WHAT NEEDS TO BE DONE - All lines from the one with "Some of the text" to the end of the listing below are to be transcribed exactly; both end lines are included, and no other lines are.

SUPPLIED INFORMATION -
════════════════════

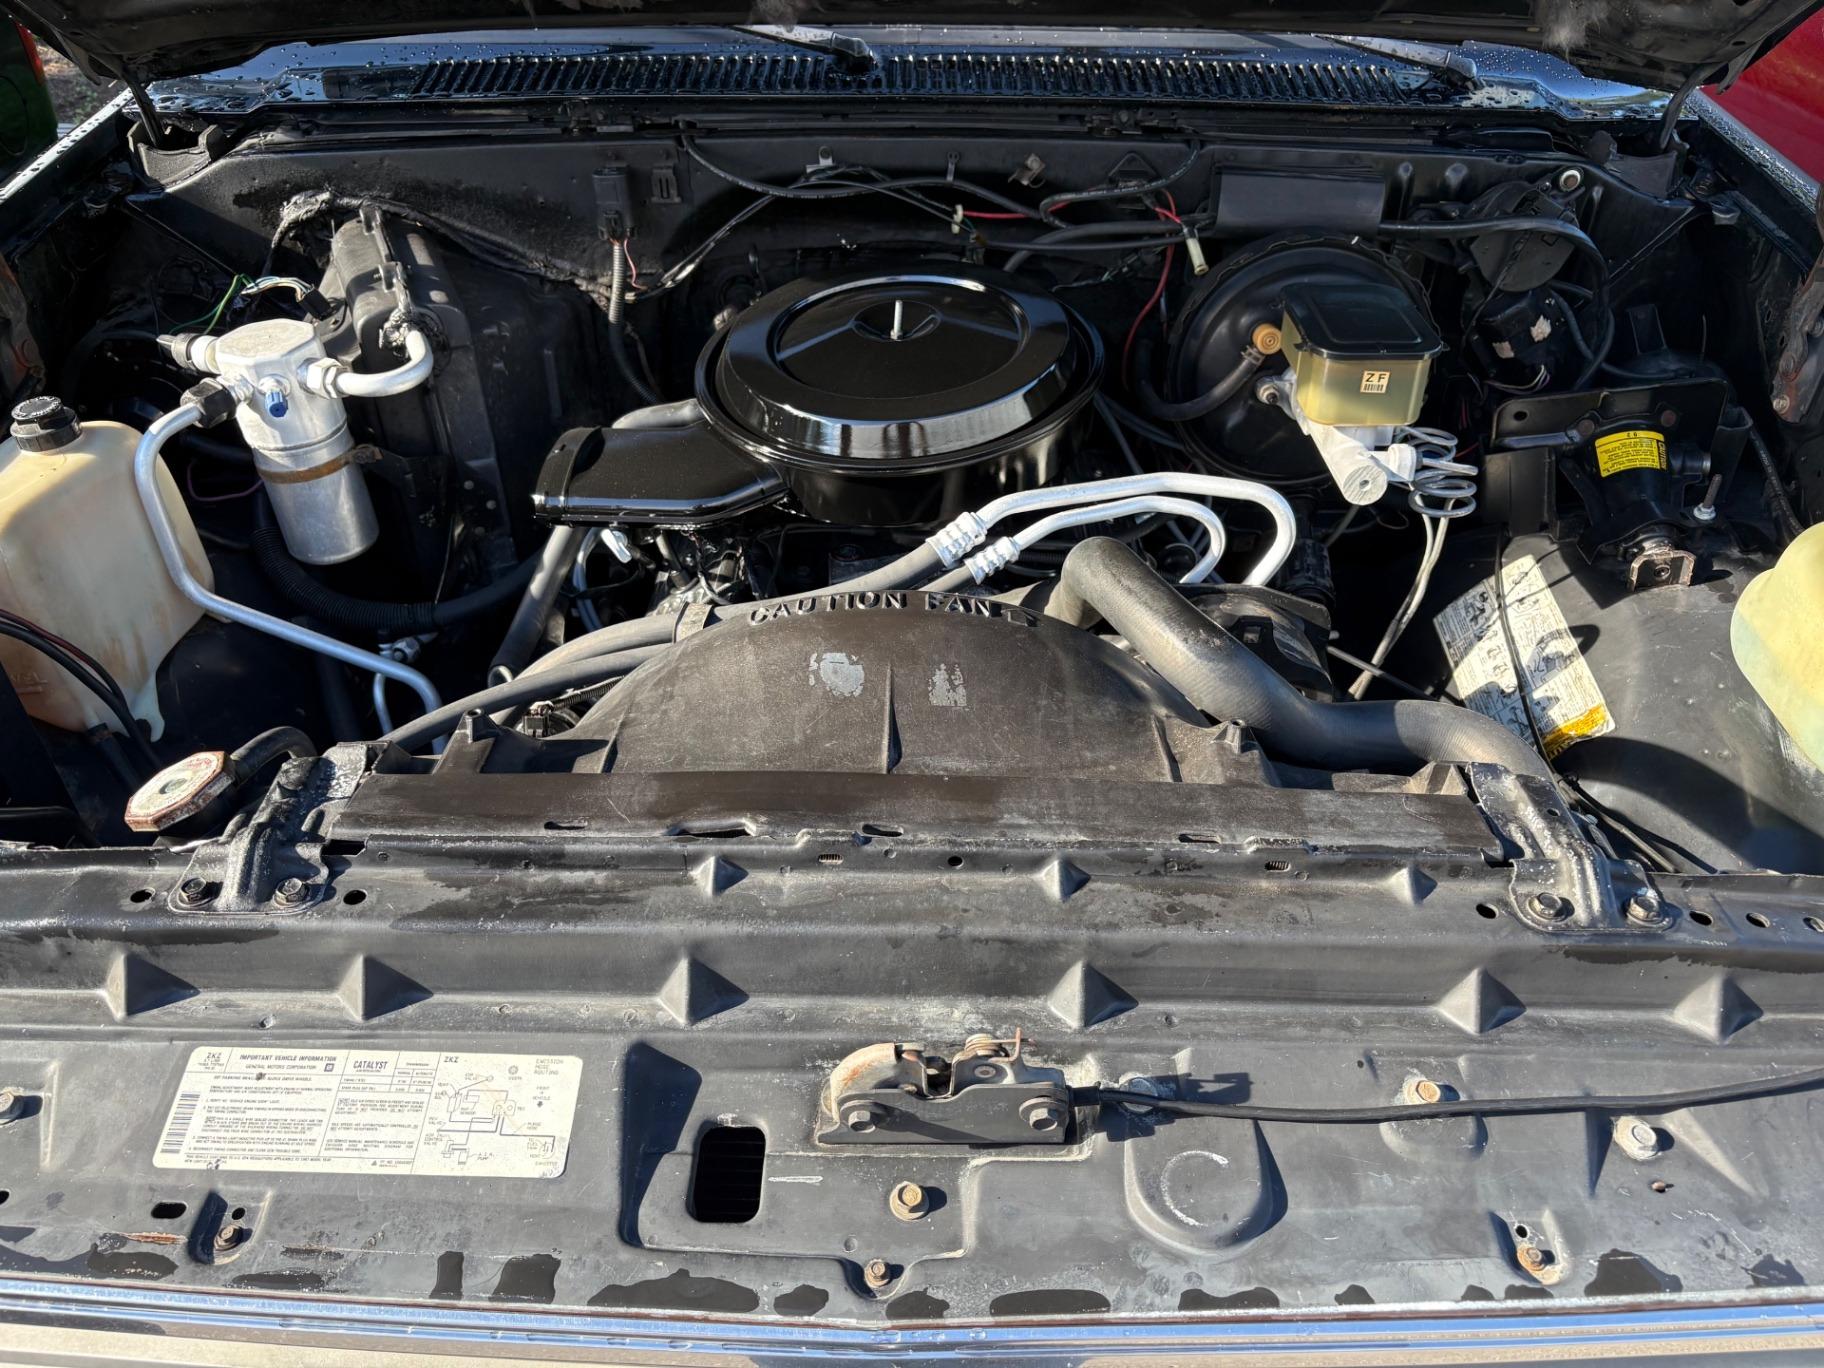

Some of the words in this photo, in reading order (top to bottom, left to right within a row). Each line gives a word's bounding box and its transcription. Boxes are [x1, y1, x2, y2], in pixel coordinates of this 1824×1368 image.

[1365, 372, 1387, 382] ZF
[749, 591, 907, 625] CAUTION
[924, 592, 1002, 618] FAN
[353, 1060, 388, 1070] CATALYST
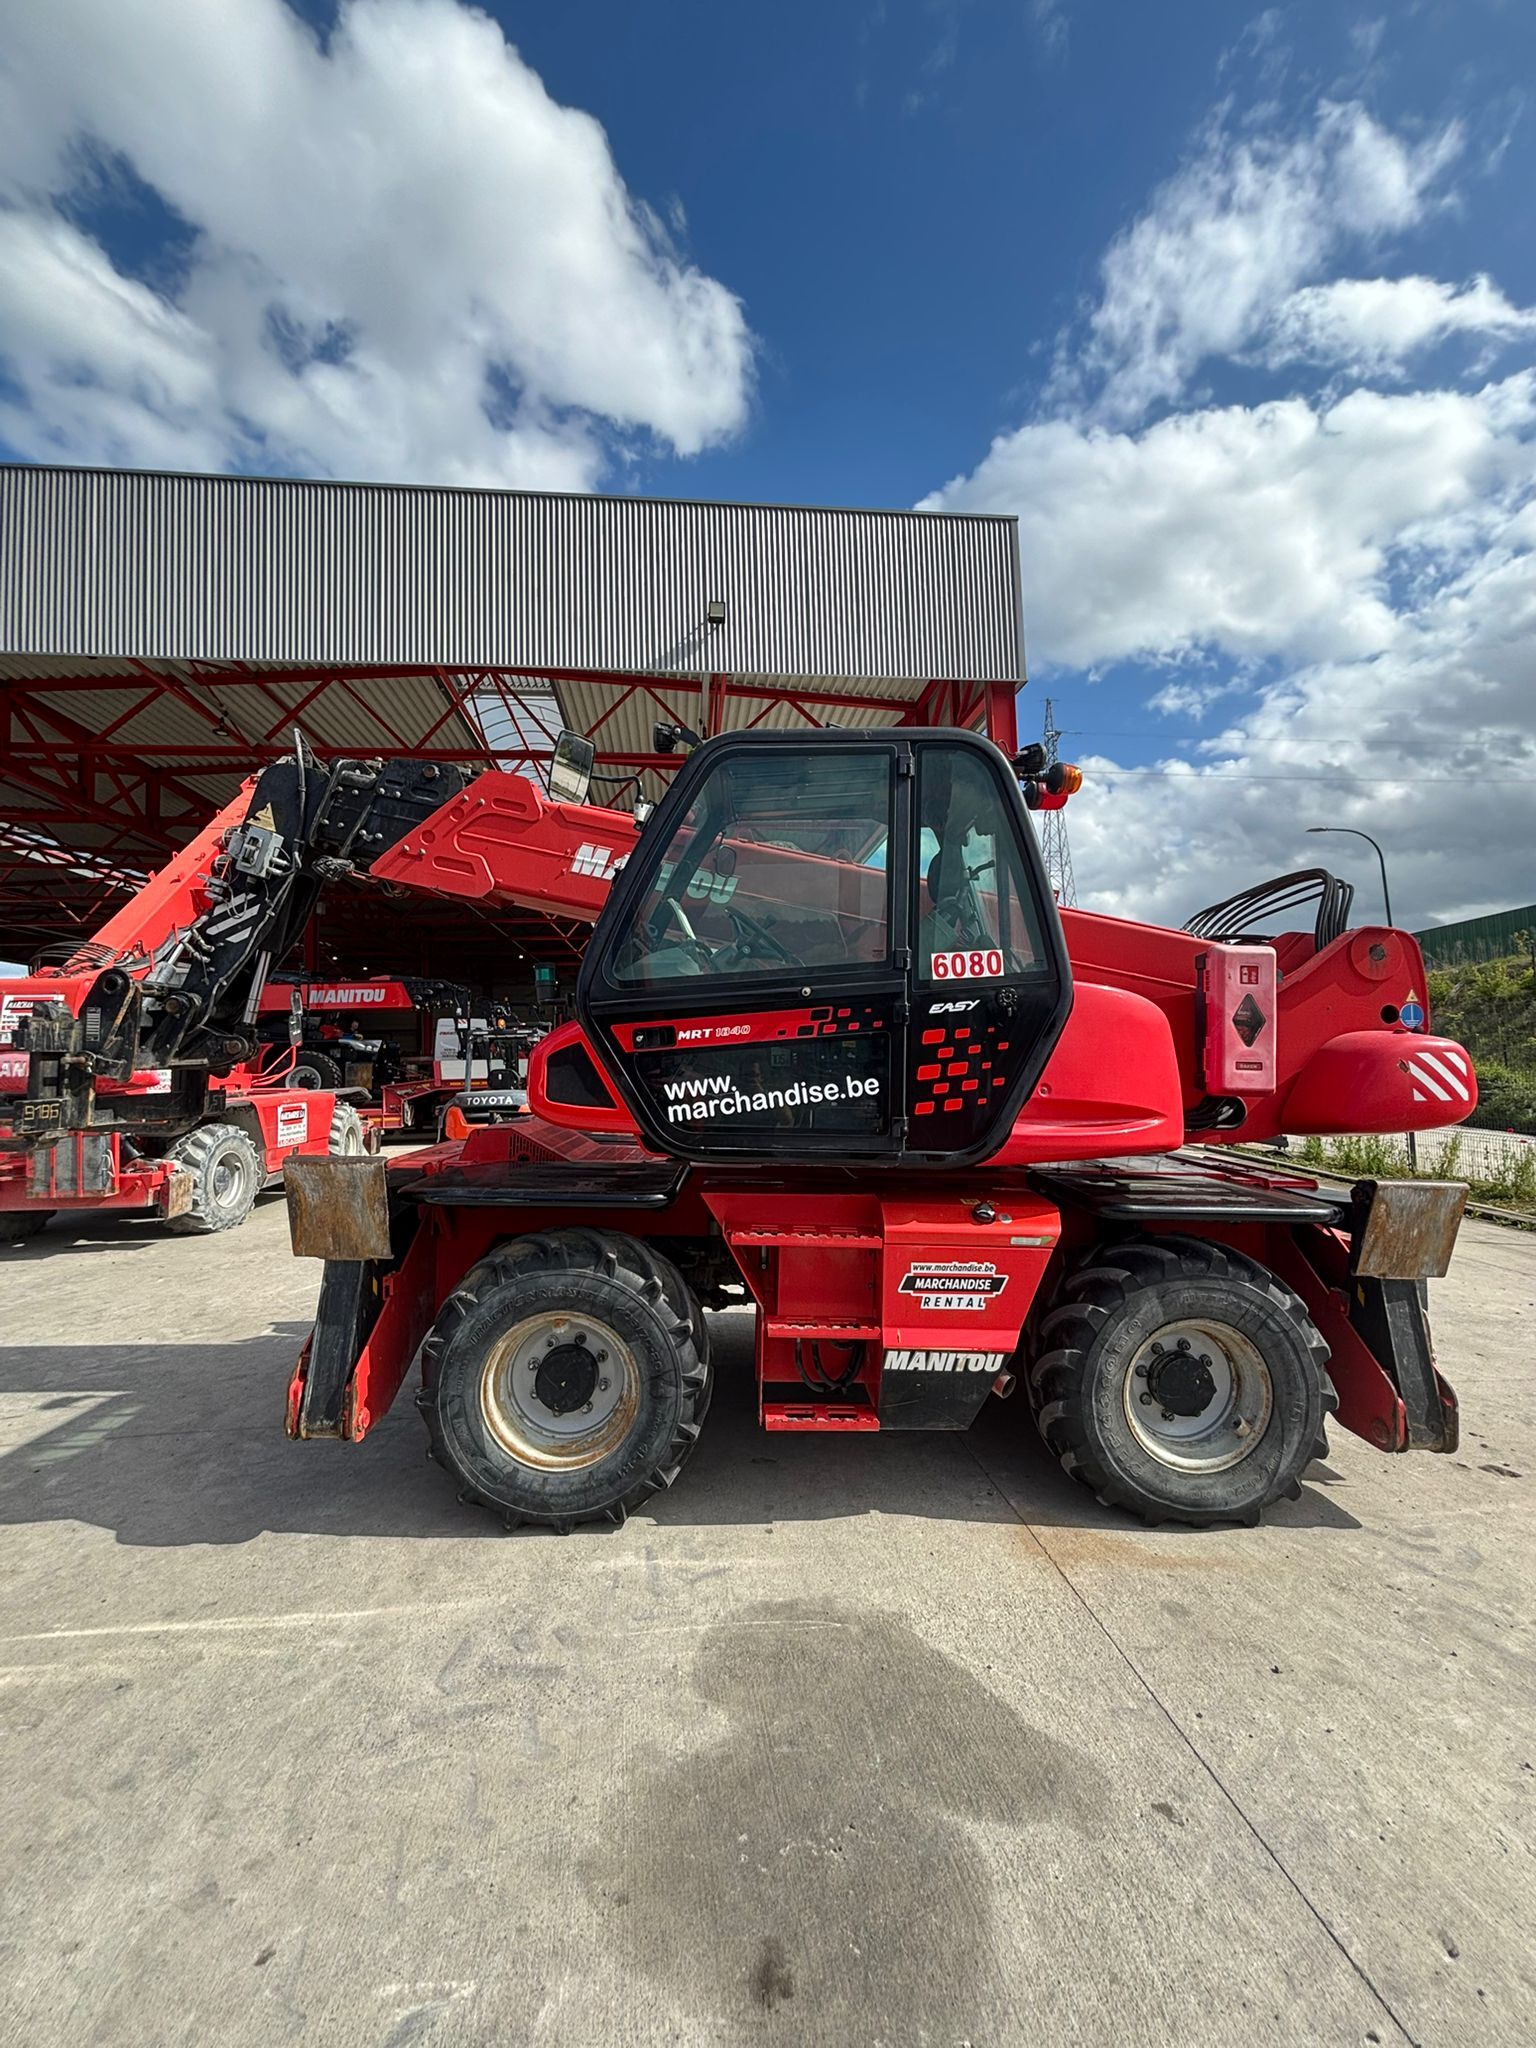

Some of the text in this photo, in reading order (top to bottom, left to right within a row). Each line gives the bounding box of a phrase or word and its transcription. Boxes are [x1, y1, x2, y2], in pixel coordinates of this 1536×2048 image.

[933, 950, 1002, 979] 6080
[309, 988, 386, 1004] MANITOU
[929, 999, 981, 1014] EASY
[678, 1024, 751, 1041] MRT 1840
[664, 1075, 737, 1101] www.
[466, 1095, 514, 1106] TOYOTA
[667, 1075, 880, 1123] marchandise.be
[912, 1263, 994, 1272] www.marchandise.be
[915, 1278, 992, 1290] MARCHANDISE
[923, 1296, 984, 1308] RENTAL
[884, 1350, 1004, 1372] MANITOU

════════════════════

SOLUTION BELOW -
Some of the text in this photo, in reading order (top to bottom, left to right within a row). Each line gives the bounding box of a phrase or word and its transcription. Boxes are [x1, y1, x2, y2], in pixel coordinates of this 1536×2048 image.

[933, 950, 1002, 979] 6080
[309, 988, 386, 1004] MANITOU
[929, 999, 981, 1014] EASY
[678, 1024, 751, 1041] MRT 1840
[664, 1075, 737, 1101] www.
[466, 1095, 514, 1106] TOYOTA
[667, 1075, 880, 1123] marchandise.be
[912, 1263, 994, 1272] www.marchandise.be
[915, 1278, 992, 1290] MARCHANDISE
[923, 1296, 984, 1308] RENTAL
[884, 1350, 1004, 1372] MANITOU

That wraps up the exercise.